Bu bedelin hesabını kim verecek?
Murat Ağırel
Son Köşe Yazıları

Bu bedelin hesabını kim verecek?

29.11.2025 04:00
Güncellenme:
Takip Et:

Türkiye’de öyle davalar görülüyor ki bir mahkeme salonunun duvarları yalnızca hukukun değil, bütün bir ülkenin vicdanının yankısını taşıyor. Hukuk ile bağdaşmayan, bırakın hukuku, en temel insan hakkıyla dahi çelişen yargılamalara tanık oluyoruz. “Bunda ne var, suç değil ki” dediğimiz fiiller nedeniyle insanların tutuklandığını, aylarca özgürlüklerinden mahrum bırakıldığını görüyoruz. Ve ne yazık ki bu artık sıradanlaştı.

En temel anayasal hakkını kullanan yurttaşların bu yüzden yargılandığı, gazetecilerin mesleğini yaptığı için tutuklandığı; yayında en net haliyle ortada duran bir sözün kesilip biçilmiş videosundan ibaret bir bahaneyle cezaevinden çıkamadığı absürt yargılamalarla karşılaşıyoruz.

Son günlerde sonuçlanan üç dava, ikisi toplu dosya bu tabloyu bütün çıplaklığıyla ortaya koyuyor.

Bunların ilki, Fatih Altaylı davası... Yayında söylediği sözler apaçık ortadayken manipüle edilmiş bir video üzerinden troller tarafından hedef gösterildi; ardından soruşturma açıldı, tutuklandı, yargılandı. Her şey açık olmasına rağmen ceza aldı. Tam tahliye beklenirken “kaçma şüphesi” gerekçesiyle tutukluluğunun devamına karar verildi. Taraflı tarafsız herkes bu karara isyan etti. Adalet bakanı sorulan sorulara “Yargı süreci devam ediyor” dedi. Öyle ya, Türkiye Cumhuriyeti bir hukuk devleti (!).

Büyük dosya, İBB soruşturmaları sonrası yaşanan protestolara ilişkin.

İstanbul Büyükşehir Belediye Başkanı Ekrem İmamoğlu ve İBB bürokratları hakkında yapılan operasyonun ardından öğrenciler, yurttaşlar, parti üyeleri, CHP Genel Başkanı Özgür Özel’in çağrısıyla Saraçhane’de toplandı. Protestolar günlerce sürdü.

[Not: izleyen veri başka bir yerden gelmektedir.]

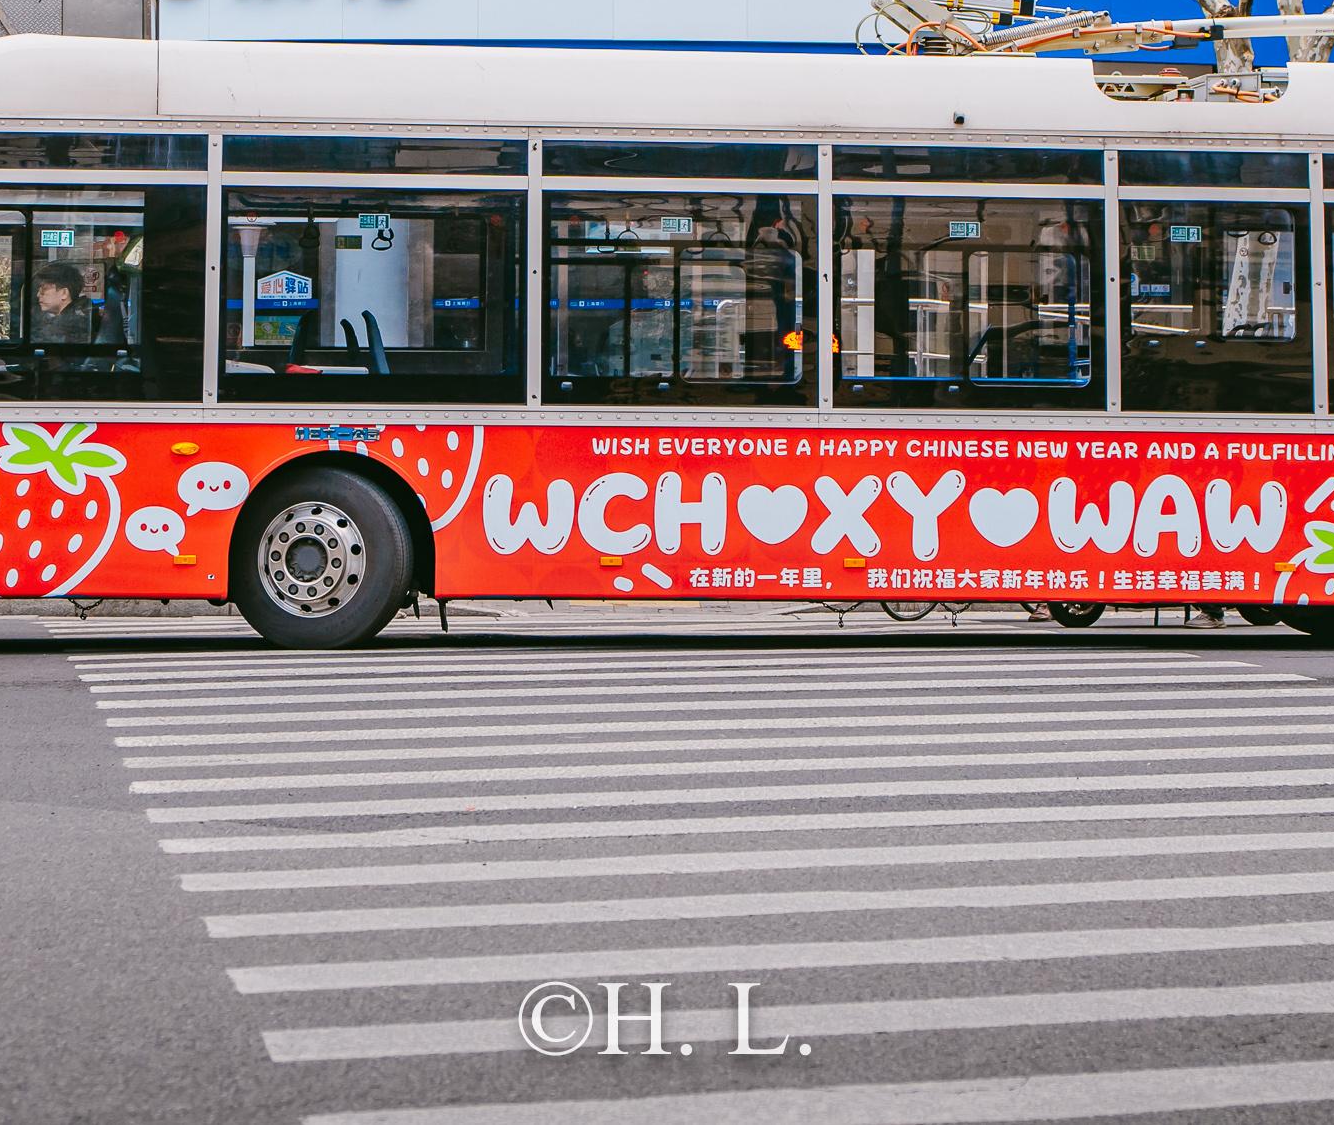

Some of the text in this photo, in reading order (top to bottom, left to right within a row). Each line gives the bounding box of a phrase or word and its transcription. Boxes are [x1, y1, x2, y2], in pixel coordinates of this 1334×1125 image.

[592, 437, 650, 455] WISH
[658, 437, 788, 456] EVERYONE
[796, 438, 812, 456] A
[819, 439, 897, 457] HAPPY
[906, 439, 1009, 458] CHINESE
[1016, 440, 1069, 459] NEW
[1076, 441, 1139, 459] YEAR
[1147, 442, 1197, 460] AND
[1204, 442, 1219, 460] A
[689, 567, 1260, 591] 在新的一年里， 我们祝福大家新年快乐！生活幸福美满！

Ve yüzlerce genç kimisi üniversite öğrencisi, kimisi lise çağında çocuklar bu protestolara katıldıkları için gözaltına alındı, bazıları tutuklandı, aylarca cezaevinde kaldı. Suçlama hep aynıydı:

2911 sayılı yasaya muhalefet.

Buna ek olarak “güvenlik güçlerine mukavemet” ve “cumhurbaşkanına hakaret” suçlamaları.

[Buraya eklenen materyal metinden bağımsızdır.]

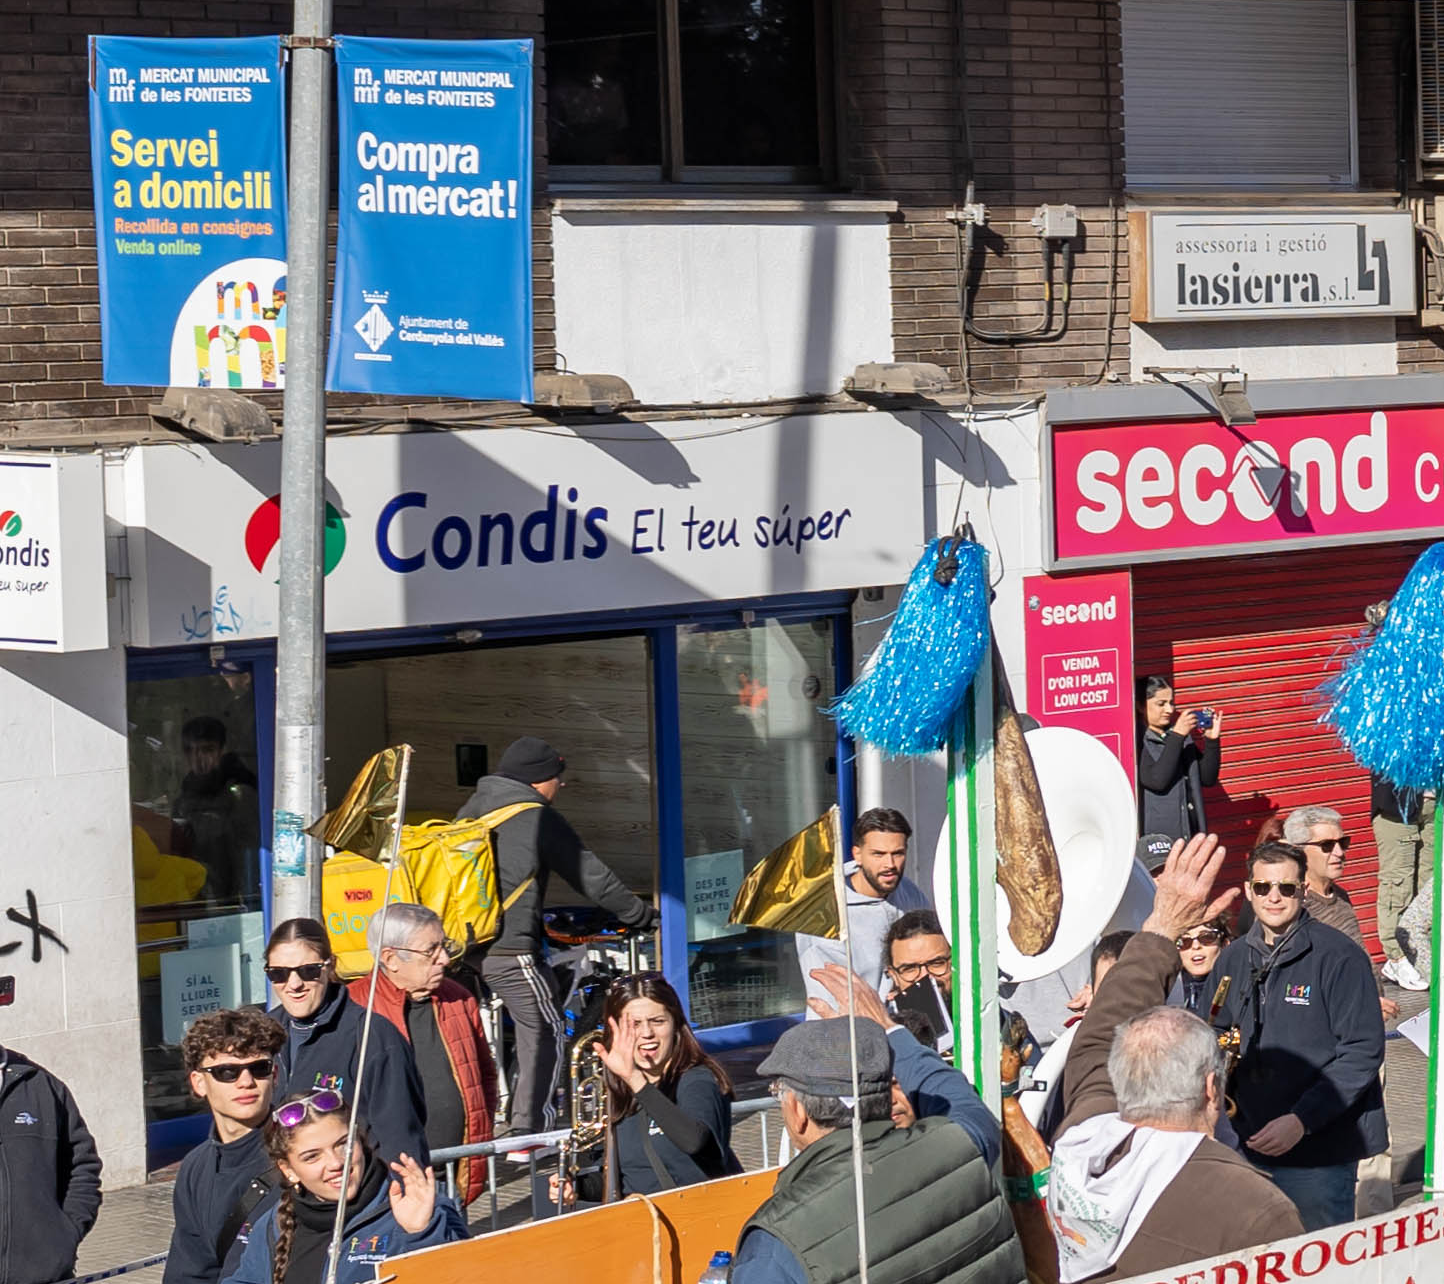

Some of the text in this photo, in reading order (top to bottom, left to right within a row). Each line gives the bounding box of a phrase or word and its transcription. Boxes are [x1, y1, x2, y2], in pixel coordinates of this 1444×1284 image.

[140, 68, 270, 83] MERCAT MUNICIPAL
[384, 69, 514, 88] MERCAT MUNICIPAL
[140, 87, 252, 103] de les FONTETES
[384, 90, 495, 107] de les FONTETES
[110, 129, 219, 167] Servei
[357, 131, 480, 181] Compra
[114, 171, 272, 209] a domicili
[357, 175, 517, 219] al mercat!
[115, 218, 273, 239] Recollida en consignes
[115, 239, 201, 256] Venda online
[1175, 233, 1327, 255] assessoria i gestió
[399, 315, 469, 329] Ajuntament de
[399, 330, 454, 346] Cerdanyola
[456, 333, 473, 345] del
[1075, 411, 1388, 535] second
[375, 484, 852, 574] Condis El teu súper
[1041, 595, 1116, 626] second
[1062, 656, 1100, 672] VENDA
[1048, 672, 1114, 691] D'OR I PLATA
[1054, 690, 1109, 708] LOW COST
[696, 877, 727, 890] DES DE
[693, 891, 730, 904] SEMPRE
[696, 902, 729, 915] AMB TU
[200, 974, 214, 985] AL
[181, 988, 220, 1002] LLIURE

Ama iki mahkemenin savcıları mütalaalarında neredeyse aynı cümleyi kurdu:

“Sanıkların üzerine atılı suçu işlediklerine dair somut ve kesin delil yoktur. Eylem barışçıldır; toplanma hakkı anayasal güvencededir; gençlerin davranışları suç kastı taşımamaktadır.”

Ve savcılar tüm sanıklar için beraat istedi. Nitekim bugün o gençler beraat etti. Ama beraat, yaraları kapatmıyor.

Irmak Uyan, İstanbul Üniversitesi siyaset bilimi öğrencisi. Elinde sadece “Milli irade gasp edilemez” yazılı dövizle Beyazıt’ta yürüdüğü için sabah şafak baskınıyla gözaltına alındı. Daha 18 yaşında, daha üniversite birinci sınıftayken Silivri Cezaevi ile tanıştı. Eğitim hayatı sekteye uğradı, aylarca içeride kaldı.

Deniz Cengiz, yine İstanbul Üniversiteli bir öğrenci. Saraçhane’de Özgür Özel’i dinlerken bir anda ortalık karıştı ve gözaltına alındı. Yaşadığı stres ve travmalar sonrasında doktora gittiğinde MS hastalığının tetiklendiğini öğrendi. Şimdi sürekli ilaç kullanıyor.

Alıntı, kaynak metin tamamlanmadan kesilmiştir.